The way we think about freedom in America is in terms of individual rights. The right to have a gun in case you need to kill someone before they kill you. The right to free speech irrespective of whether you speak truth or lies. The right to pledge your allegiance to whatever groups you choose, even if they paint swastikas on synagogues. Freedom in America means getting away from external restrictions, being unhindered, remaining unaffected by the plight of people who are not in your small circle of concern, being able to do whatever you want.

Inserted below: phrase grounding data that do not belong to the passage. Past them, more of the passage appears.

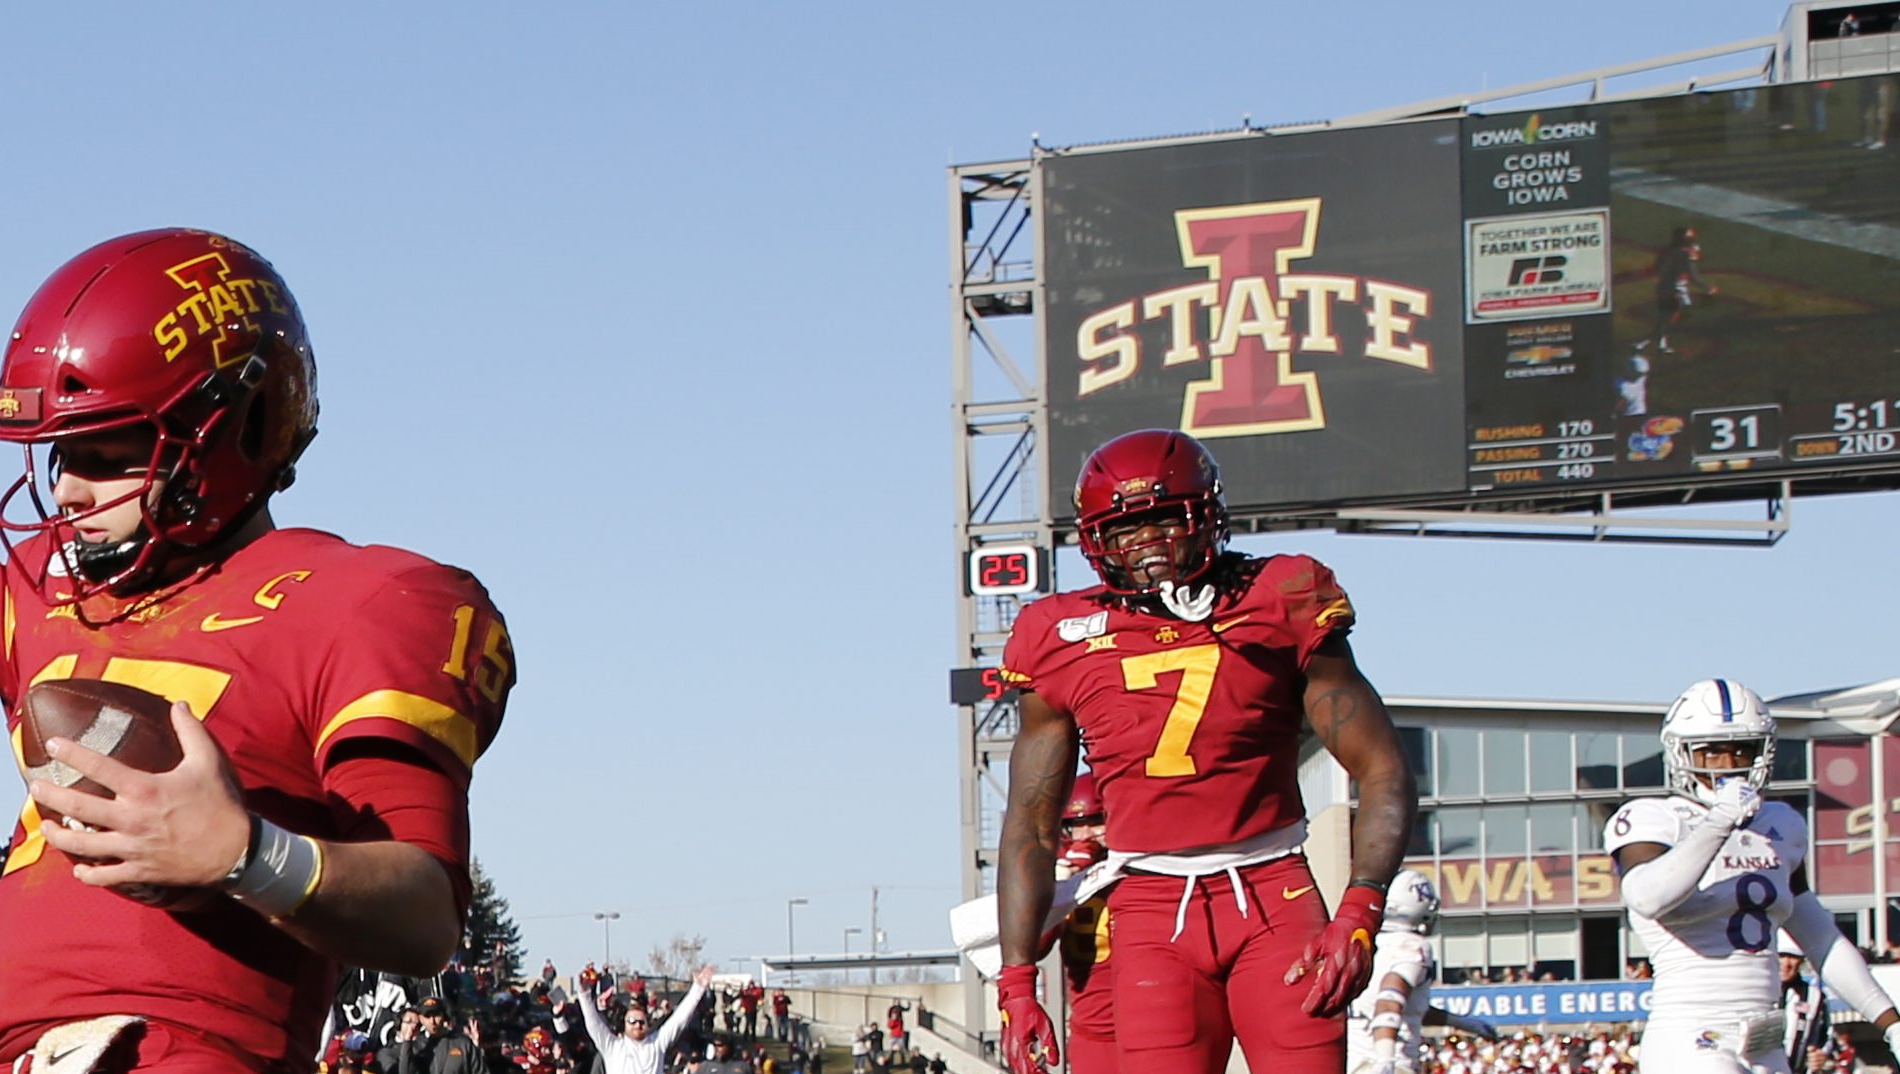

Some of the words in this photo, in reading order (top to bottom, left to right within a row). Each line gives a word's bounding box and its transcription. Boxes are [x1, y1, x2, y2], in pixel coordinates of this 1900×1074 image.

[1472, 127, 1526, 148] IOWA
[1538, 120, 1598, 141] CORN
[1504, 151, 1571, 171] CORN
[1493, 166, 1583, 189] GROWS
[1508, 186, 1568, 205] IOWA
[1550, 224, 1572, 236] WE
[1574, 222, 1599, 233] ARE
[1480, 240, 1527, 257] FARM
[1531, 234, 1600, 252] STRONG
[153, 279, 289, 363] STATE
[1077, 276, 1432, 397] STATE
[1475, 424, 1544, 440] RUSHING
[1558, 420, 1594, 437] 170
[1833, 400, 1900, 432] 5:1
[1710, 415, 1759, 451] 31
[1838, 432, 1896, 455] 2ND
[1475, 446, 1541, 462] PASSING
[1557, 443, 1594, 460] 270
[1494, 469, 1543, 483] TOTAL
[1557, 463, 1594, 480] 440
[982, 553, 1027, 587] 25
[254, 570, 314, 610] C
[442, 605, 513, 703] 15
[1121, 643, 1222, 778] 7
[1614, 809, 1632, 838] 8
[1722, 855, 1781, 871] KANSAS
[1726, 872, 1778, 954] 8
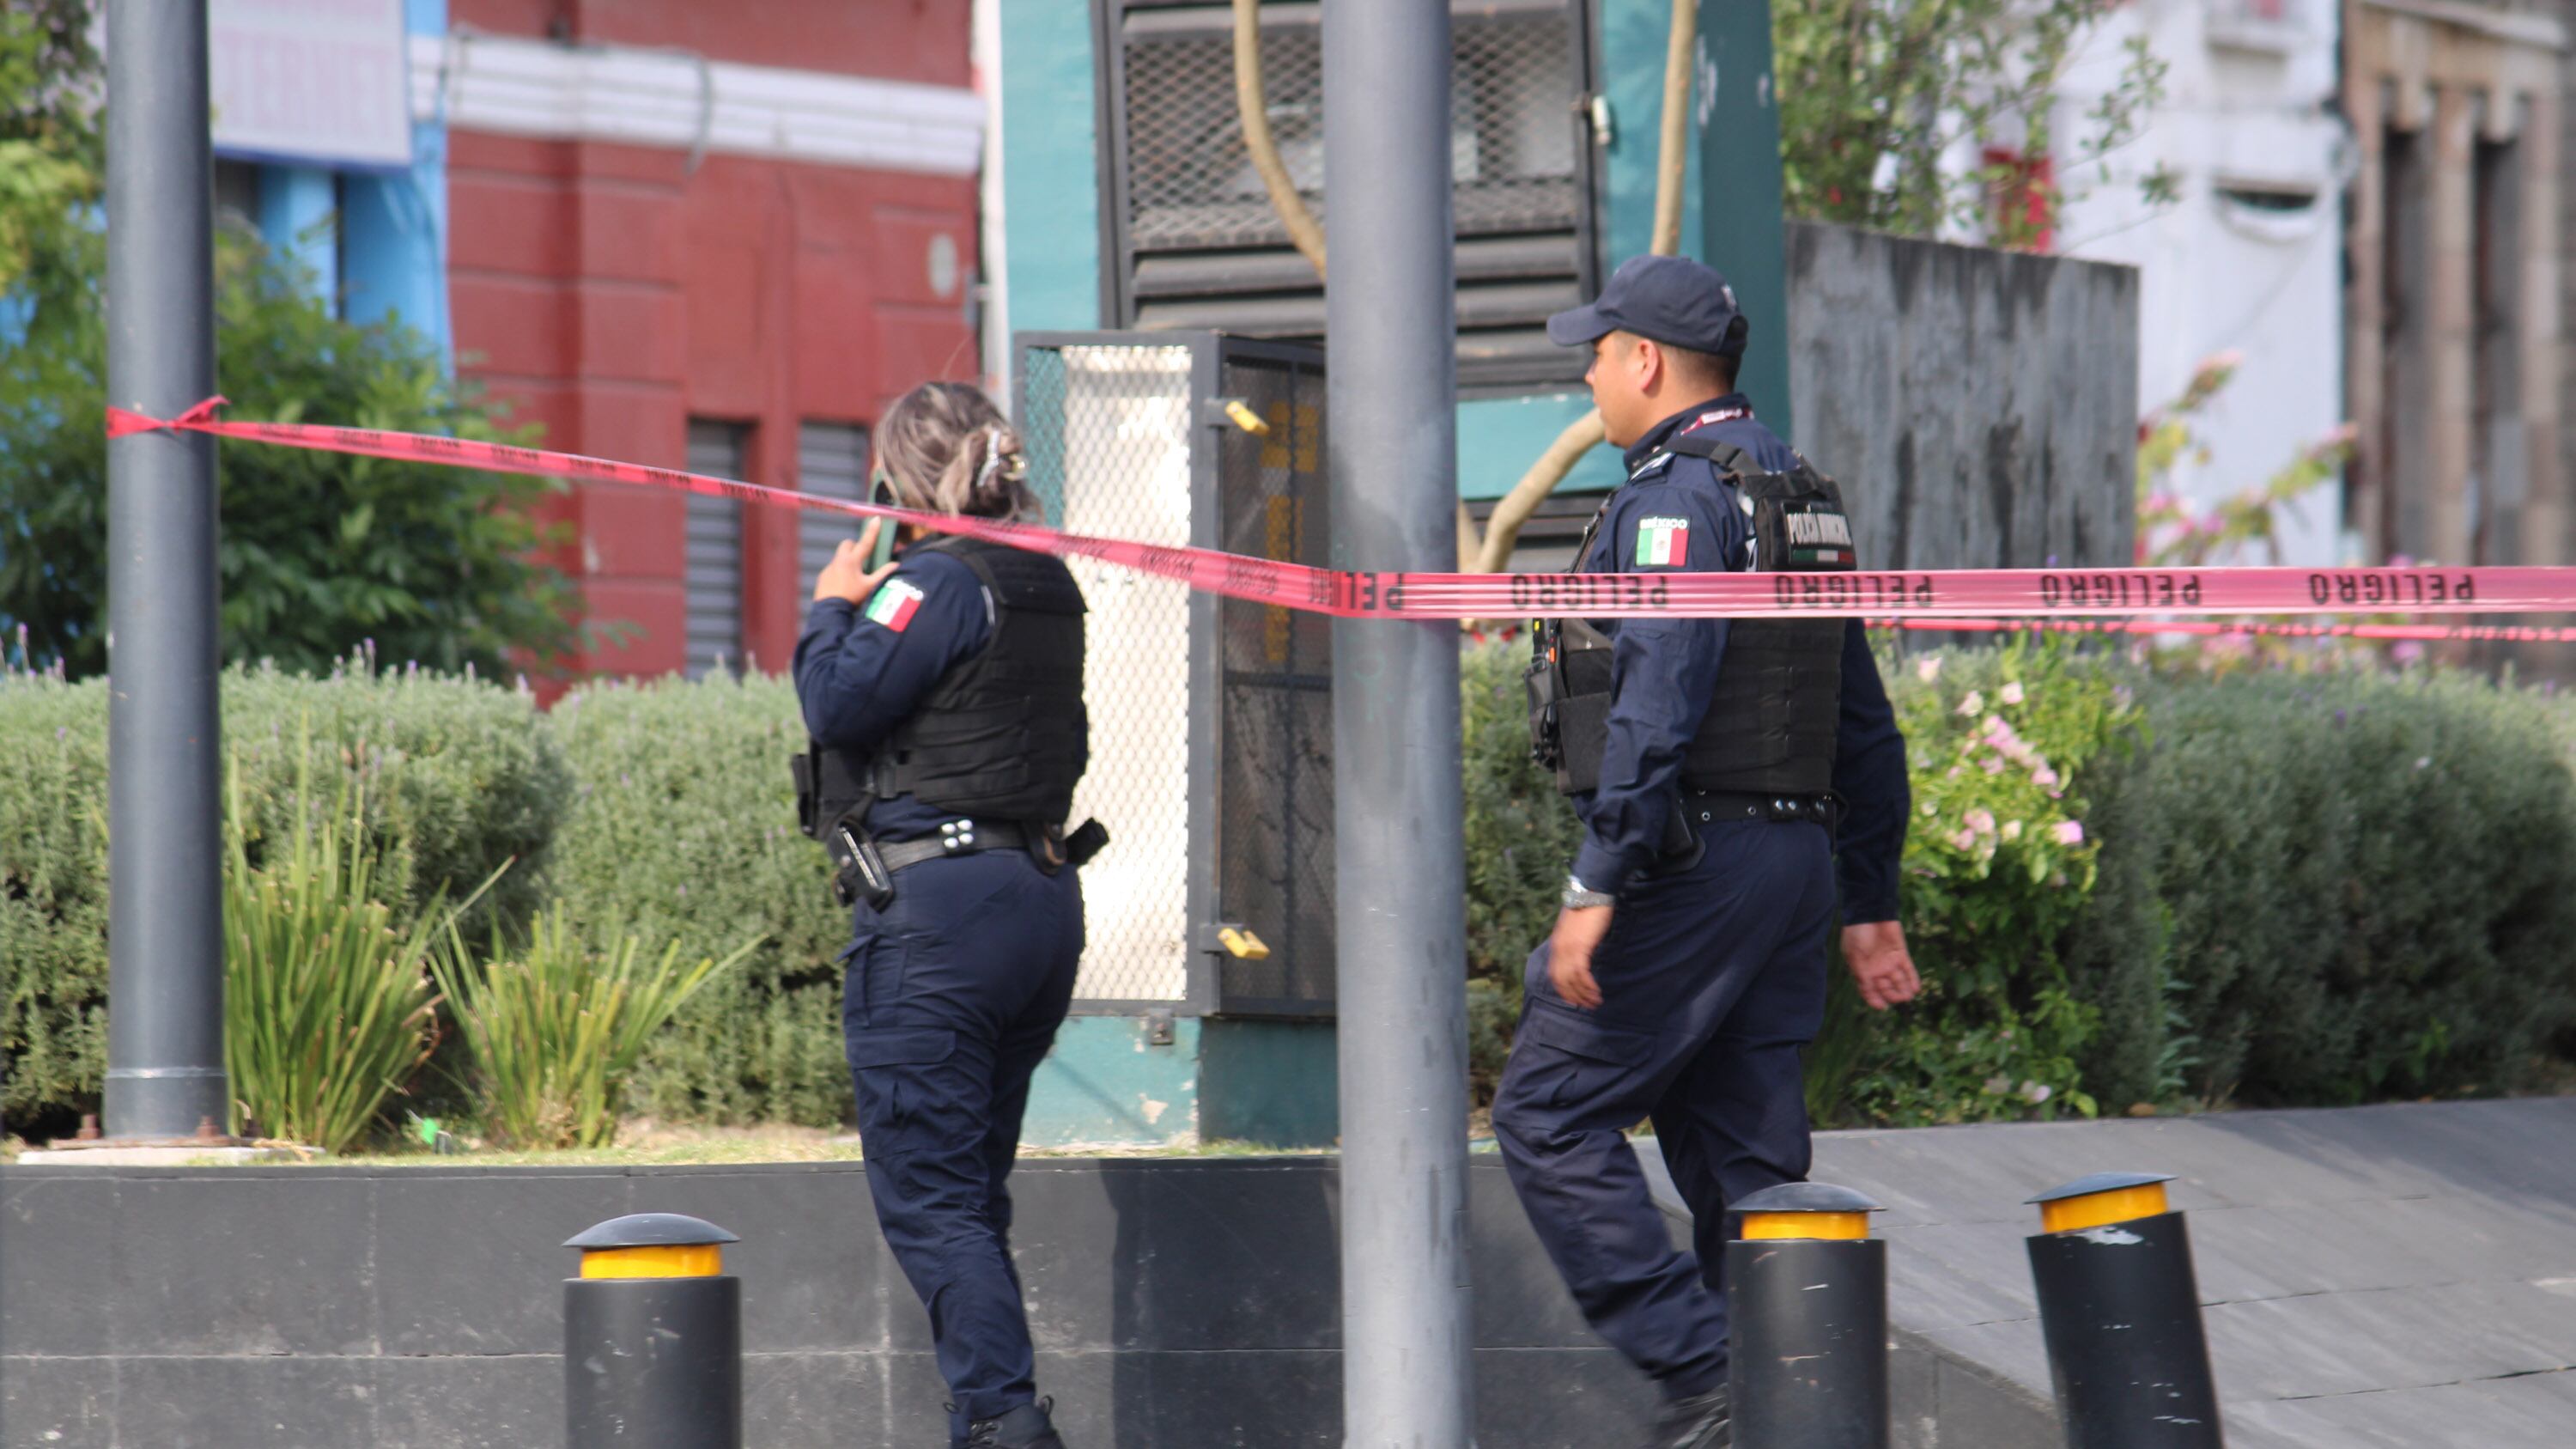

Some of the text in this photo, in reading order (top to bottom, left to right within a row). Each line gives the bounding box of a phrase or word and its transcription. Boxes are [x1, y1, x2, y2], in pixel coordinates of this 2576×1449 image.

God knows us. God knows our capacity for good and for ill. And God is invested in giving shape to our desires and our freedom. God is on a mission to heal the world, and to develop an ethical humanity to share in that healing. The Ten Commandments are one of God’s ways Gods shapes that new humanity. One of my college professors described the Ten commandments as permissions—ten permissions given in two parts. The first four permissions are to love and serve God more than you love and serve anything else because God is the source of your life, and God loves you, and God’s love for you makes it possible for you to love yourself. The last six permissions are to love and serve the neighbors God has given you because God loves them, and God’s love in you calls you, and makes it possible for you to love them.
By the time Jesus enters the scene, there are hundreds of commandments with detailed elaborations. The list is way longer than the list Katha Pollitt came up with. And Jesus boils it all down to these three permissions: love and serve God with all that you are and all that you have. Love and care for yourself. Love and care for your neighbor. And the whole thing is about being in relationship, and using our freedom to embrace and nurture all the sacred interconnections we are created for. With the Israelites, we are part of God’s radical experiment to prove that human beings are capable of creating and sustaining non-exploitative, neighbor-embracing social relationships in this world. Not because God has given us lists of dos and don’ts to follow, but because God is love, and God’s love is a power at work in us. God is foolish enough to trust that we can be re-made by divine love, and live out this costly love in the world. And God is faithful enough to make it so.